Content starts
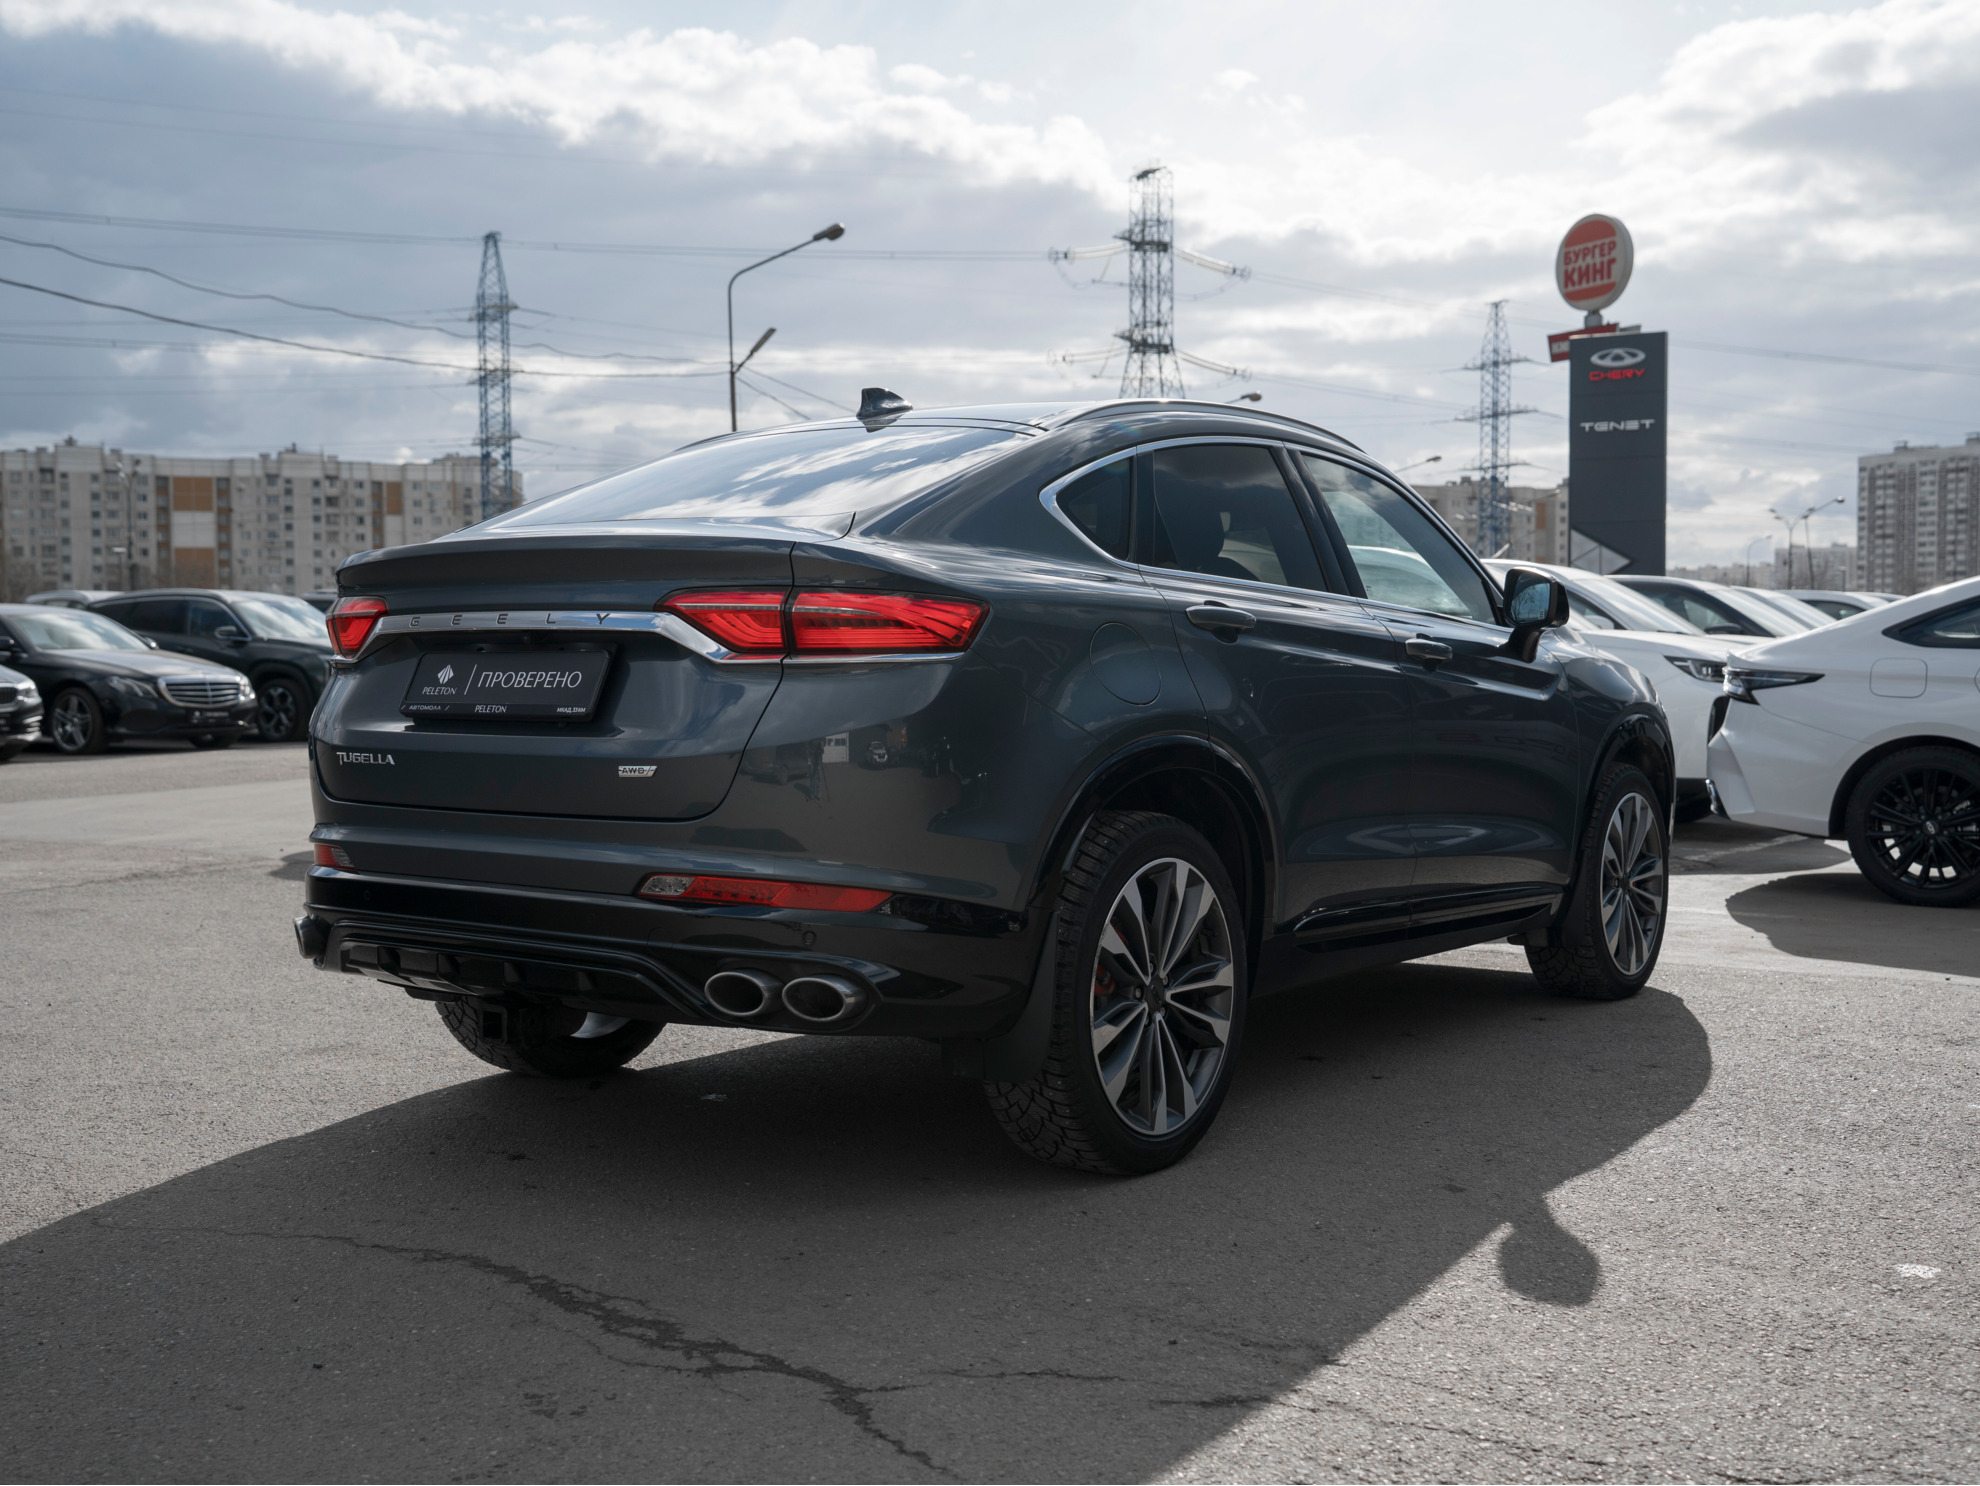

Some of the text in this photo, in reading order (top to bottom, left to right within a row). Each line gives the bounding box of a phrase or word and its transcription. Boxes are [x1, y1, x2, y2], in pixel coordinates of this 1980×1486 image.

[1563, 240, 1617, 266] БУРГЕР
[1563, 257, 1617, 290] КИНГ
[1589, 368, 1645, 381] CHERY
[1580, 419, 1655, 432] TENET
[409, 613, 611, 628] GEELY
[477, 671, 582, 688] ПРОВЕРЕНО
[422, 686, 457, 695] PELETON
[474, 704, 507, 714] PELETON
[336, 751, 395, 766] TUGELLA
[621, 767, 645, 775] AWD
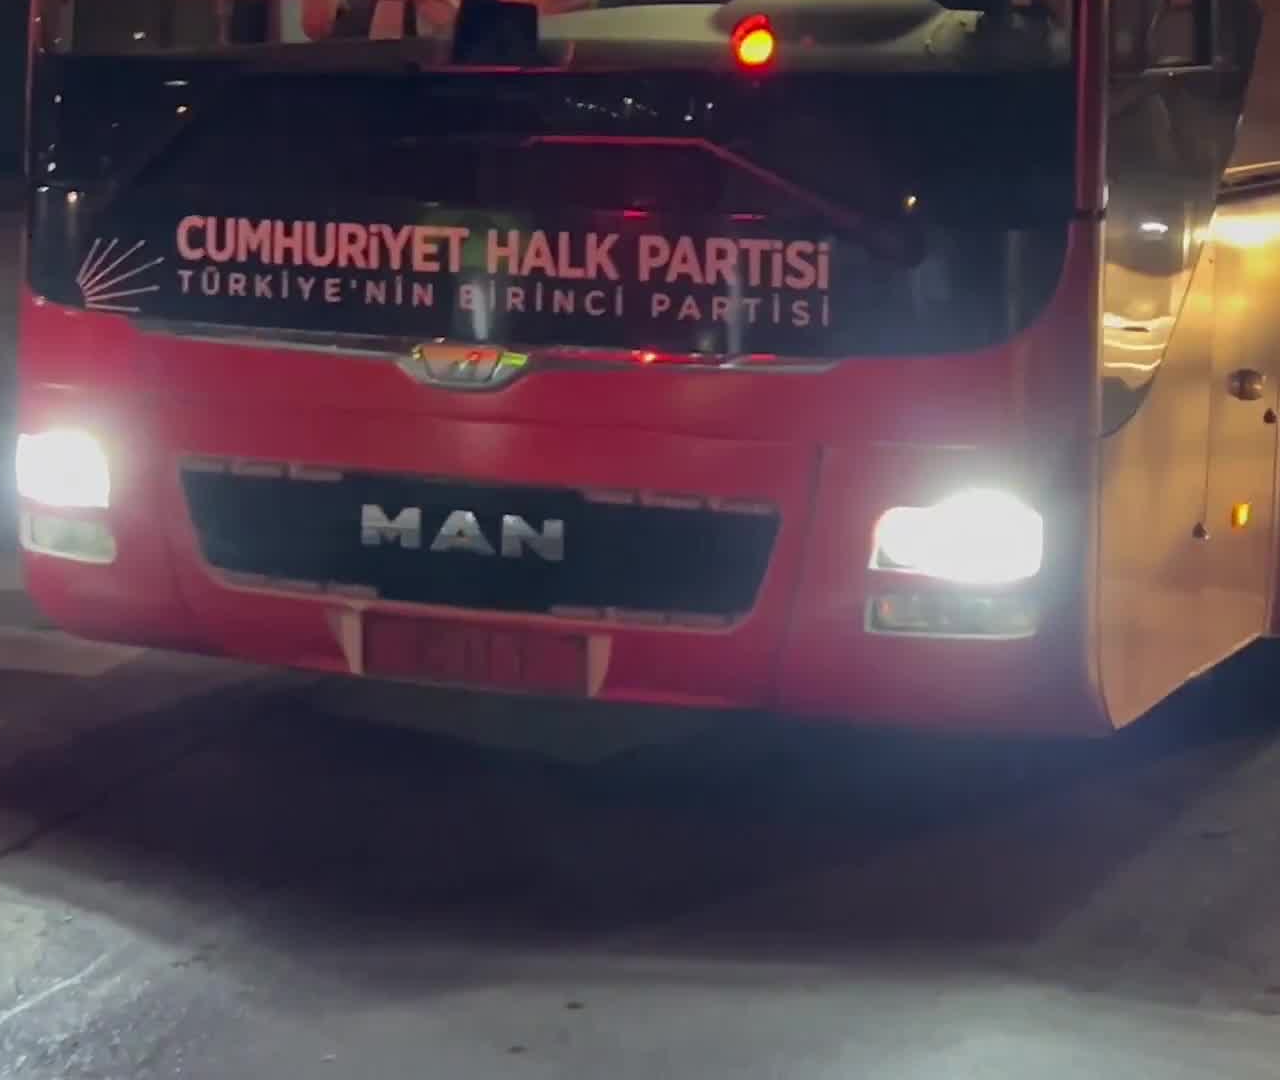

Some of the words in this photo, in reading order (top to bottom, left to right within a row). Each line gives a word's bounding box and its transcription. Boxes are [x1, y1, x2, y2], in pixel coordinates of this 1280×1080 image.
Content ends
- WORK TASK
Without including any images, output the data exactly as given.

- RESULT
Some of the text in this photo, in reading order (top to bottom, left to right within a row). Each line gives the bounding box of a phrase or word and its transcription. Boxes are [x1, y1, x2, y2], in pixel coordinates of this 1980×1486 image.

[1563, 240, 1617, 266] БУРГЕР
[1563, 257, 1617, 290] КИНГ
[1589, 368, 1645, 381] CHERY
[1580, 419, 1655, 432] TENET
[409, 613, 611, 628] GEELY
[477, 671, 582, 688] ПРОВЕРЕНО
[422, 686, 457, 695] PELETON
[474, 704, 507, 714] PELETON
[336, 751, 395, 766] TUGELLA
[621, 767, 645, 775] AWD

Some of the words in this photo, in reading order (top to bottom, left to right within a row). Each line gives a word's bounding box and its transcription. Boxes are [x1, y1, x2, y2], in pixel coordinates of this 1280×1080 image.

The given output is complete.